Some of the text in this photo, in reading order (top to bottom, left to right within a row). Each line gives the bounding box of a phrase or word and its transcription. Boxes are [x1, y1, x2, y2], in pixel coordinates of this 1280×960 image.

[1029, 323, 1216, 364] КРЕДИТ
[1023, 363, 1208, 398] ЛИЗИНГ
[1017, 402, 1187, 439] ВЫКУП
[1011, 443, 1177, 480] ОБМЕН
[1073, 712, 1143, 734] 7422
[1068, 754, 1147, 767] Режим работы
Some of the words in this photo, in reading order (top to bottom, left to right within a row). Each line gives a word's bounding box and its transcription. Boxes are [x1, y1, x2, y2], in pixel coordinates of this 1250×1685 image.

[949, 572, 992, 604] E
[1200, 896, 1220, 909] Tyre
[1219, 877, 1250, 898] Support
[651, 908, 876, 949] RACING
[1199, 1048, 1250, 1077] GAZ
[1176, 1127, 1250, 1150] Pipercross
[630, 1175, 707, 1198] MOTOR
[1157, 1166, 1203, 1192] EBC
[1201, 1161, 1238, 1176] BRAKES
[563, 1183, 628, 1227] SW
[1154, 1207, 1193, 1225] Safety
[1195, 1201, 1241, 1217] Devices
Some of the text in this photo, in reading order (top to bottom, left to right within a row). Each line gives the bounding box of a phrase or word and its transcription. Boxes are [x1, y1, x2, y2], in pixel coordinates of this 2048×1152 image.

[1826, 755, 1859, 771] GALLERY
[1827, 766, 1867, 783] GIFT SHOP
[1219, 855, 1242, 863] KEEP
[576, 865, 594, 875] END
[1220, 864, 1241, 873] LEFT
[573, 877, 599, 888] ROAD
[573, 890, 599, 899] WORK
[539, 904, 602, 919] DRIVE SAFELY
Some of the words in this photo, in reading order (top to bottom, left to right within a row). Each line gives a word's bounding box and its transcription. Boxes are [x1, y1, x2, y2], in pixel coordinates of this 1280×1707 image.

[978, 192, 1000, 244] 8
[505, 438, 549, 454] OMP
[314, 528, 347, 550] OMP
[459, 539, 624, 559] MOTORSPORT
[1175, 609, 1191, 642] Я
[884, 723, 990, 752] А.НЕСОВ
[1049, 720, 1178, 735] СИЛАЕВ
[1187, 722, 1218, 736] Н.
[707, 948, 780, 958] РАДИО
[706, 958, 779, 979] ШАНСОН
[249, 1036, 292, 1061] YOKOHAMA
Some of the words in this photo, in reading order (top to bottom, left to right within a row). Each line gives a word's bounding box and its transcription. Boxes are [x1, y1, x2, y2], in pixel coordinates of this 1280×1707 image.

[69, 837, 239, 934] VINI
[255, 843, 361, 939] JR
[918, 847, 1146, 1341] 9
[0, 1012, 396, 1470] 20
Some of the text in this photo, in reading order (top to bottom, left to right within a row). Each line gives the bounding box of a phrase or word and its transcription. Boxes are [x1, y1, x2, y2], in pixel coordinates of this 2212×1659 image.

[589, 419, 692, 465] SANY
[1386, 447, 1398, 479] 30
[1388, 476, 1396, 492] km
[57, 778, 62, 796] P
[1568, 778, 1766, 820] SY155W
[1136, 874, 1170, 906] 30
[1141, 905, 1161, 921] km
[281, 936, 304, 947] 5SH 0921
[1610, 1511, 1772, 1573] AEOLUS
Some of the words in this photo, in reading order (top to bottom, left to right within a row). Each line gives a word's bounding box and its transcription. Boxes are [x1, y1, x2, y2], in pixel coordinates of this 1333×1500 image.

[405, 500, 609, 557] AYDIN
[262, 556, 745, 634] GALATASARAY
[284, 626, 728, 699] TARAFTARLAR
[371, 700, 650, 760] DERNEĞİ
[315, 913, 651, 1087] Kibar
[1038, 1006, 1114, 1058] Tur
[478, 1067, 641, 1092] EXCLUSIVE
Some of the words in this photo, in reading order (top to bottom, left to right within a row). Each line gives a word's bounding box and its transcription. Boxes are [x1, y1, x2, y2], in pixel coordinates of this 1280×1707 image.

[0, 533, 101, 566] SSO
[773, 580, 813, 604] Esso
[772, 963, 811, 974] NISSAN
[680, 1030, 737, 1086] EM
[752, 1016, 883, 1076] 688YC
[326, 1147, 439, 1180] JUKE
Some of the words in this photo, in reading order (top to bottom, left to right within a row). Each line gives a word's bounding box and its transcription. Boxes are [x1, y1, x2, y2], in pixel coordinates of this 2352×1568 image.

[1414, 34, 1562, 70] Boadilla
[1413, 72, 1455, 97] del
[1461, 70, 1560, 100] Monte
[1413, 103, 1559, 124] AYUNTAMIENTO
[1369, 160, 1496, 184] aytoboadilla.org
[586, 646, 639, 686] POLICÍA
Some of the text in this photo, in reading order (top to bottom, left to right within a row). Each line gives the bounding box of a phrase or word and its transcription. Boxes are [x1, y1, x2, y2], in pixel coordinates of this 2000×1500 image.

◆ DIRECTIONS FOR THIS TASK ◆
Every line above must be repeated exactly as it appears.

◆ WRITTEN SOLUTION ◆
Some of the text in this photo, in reading order (top to bottom, left to right within a row). Each line gives the bounding box of a phrase or word and its transcription. Boxes are [x1, y1, x2, y2], in pixel coordinates of this 1280×960 image.

[1029, 323, 1216, 364] КРЕДИТ
[1023, 363, 1208, 398] ЛИЗИНГ
[1017, 402, 1187, 439] ВЫКУП
[1011, 443, 1177, 480] ОБМЕН
[1073, 712, 1143, 734] 7422
[1068, 754, 1147, 767] Режим работы
Some of the words in this photo, in reading order (top to bottom, left to right within a row). Each line gives a word's bounding box and its transcription. Boxes are [x1, y1, x2, y2], in pixel coordinates of this 1250×1685 image.

[949, 572, 992, 604] E
[1200, 896, 1220, 909] Tyre
[1219, 877, 1250, 898] Support
[651, 908, 876, 949] RACING
[1199, 1048, 1250, 1077] GAZ
[1176, 1127, 1250, 1150] Pipercross
[630, 1175, 707, 1198] MOTOR
[1157, 1166, 1203, 1192] EBC
[1201, 1161, 1238, 1176] BRAKES
[563, 1183, 628, 1227] SW
[1154, 1207, 1193, 1225] Safety
[1195, 1201, 1241, 1217] Devices
Some of the text in this photo, in reading order (top to bottom, left to right within a row). Each line gives the bounding box of a phrase or word and its transcription. Boxes are [x1, y1, x2, y2], in pixel coordinates of this 2048×1152 image.

[1826, 755, 1859, 771] GALLERY
[1827, 766, 1867, 783] GIFT SHOP
[1219, 855, 1242, 863] KEEP
[576, 865, 594, 875] END
[1220, 864, 1241, 873] LEFT
[573, 877, 599, 888] ROAD
[573, 890, 599, 899] WORK
[539, 904, 602, 919] DRIVE SAFELY
Some of the words in this photo, in reading order (top to bottom, left to right within a row). Each line gives a word's bounding box and its transcription. Boxes are [x1, y1, x2, y2], in pixel coordinates of this 1280×1707 image.

[978, 192, 1000, 244] 8
[505, 438, 549, 454] OMP
[314, 528, 347, 550] OMP
[459, 539, 624, 559] MOTORSPORT
[1175, 609, 1191, 642] Я
[884, 723, 990, 752] А.НЕСОВ
[1049, 720, 1178, 735] СИЛАЕВ
[1187, 722, 1218, 736] Н.
[707, 948, 780, 958] РАДИО
[706, 958, 779, 979] ШАНСОН
[249, 1036, 292, 1061] YOKOHAMA
Some of the words in this photo, in reading order (top to bottom, left to right within a row). Each line gives a word's bounding box and its transcription. Boxes are [x1, y1, x2, y2], in pixel coordinates of this 1280×1707 image.

[69, 837, 239, 934] VINI
[255, 843, 361, 939] JR
[918, 847, 1146, 1341] 9
[0, 1012, 396, 1470] 20
Some of the text in this photo, in reading order (top to bottom, left to right within a row). Each line gives the bounding box of a phrase or word and its transcription. Boxes are [x1, y1, x2, y2], in pixel coordinates of this 2212×1659 image.

[589, 419, 692, 465] SANY
[1386, 447, 1398, 479] 30
[1388, 476, 1396, 492] km
[57, 778, 62, 796] P
[1568, 778, 1766, 820] SY155W
[1136, 874, 1170, 906] 30
[1141, 905, 1161, 921] km
[281, 936, 304, 947] 5SH 0921
[1610, 1511, 1772, 1573] AEOLUS
Some of the words in this photo, in reading order (top to bottom, left to right within a row). Each line gives a word's bounding box and its transcription. Boxes are [x1, y1, x2, y2], in pixel coordinates of this 1333×1500 image.

[405, 500, 609, 557] AYDIN
[262, 556, 745, 634] GALATASARAY
[284, 626, 728, 699] TARAFTARLAR
[371, 700, 650, 760] DERNEĞİ
[315, 913, 651, 1087] Kibar
[1038, 1006, 1114, 1058] Tur
[478, 1067, 641, 1092] EXCLUSIVE
Some of the words in this photo, in reading order (top to bottom, left to right within a row). Each line gives a word's bounding box and its transcription. Boxes are [x1, y1, x2, y2], in pixel coordinates of this 1280×1707 image.

[0, 533, 101, 566] SSO
[773, 580, 813, 604] Esso
[772, 963, 811, 974] NISSAN
[680, 1030, 737, 1086] EM
[752, 1016, 883, 1076] 688YC
[326, 1147, 439, 1180] JUKE
Some of the words in this photo, in reading order (top to bottom, left to right within a row). Each line gives a word's bounding box and its transcription. Boxes are [x1, y1, x2, y2], in pixel coordinates of this 2352×1568 image.

[1414, 34, 1562, 70] Boadilla
[1413, 72, 1455, 97] del
[1461, 70, 1560, 100] Monte
[1413, 103, 1559, 124] AYUNTAMIENTO
[1369, 160, 1496, 184] aytoboadilla.org
[586, 646, 639, 686] POLICÍA
Some of the text in this photo, in reading order (top to bottom, left to right within a row). Each line gives the bounding box of a phrase or word and its transcription. Boxes are [x1, y1, x2, y2], in pixel coordinates of this 2000×1500 image.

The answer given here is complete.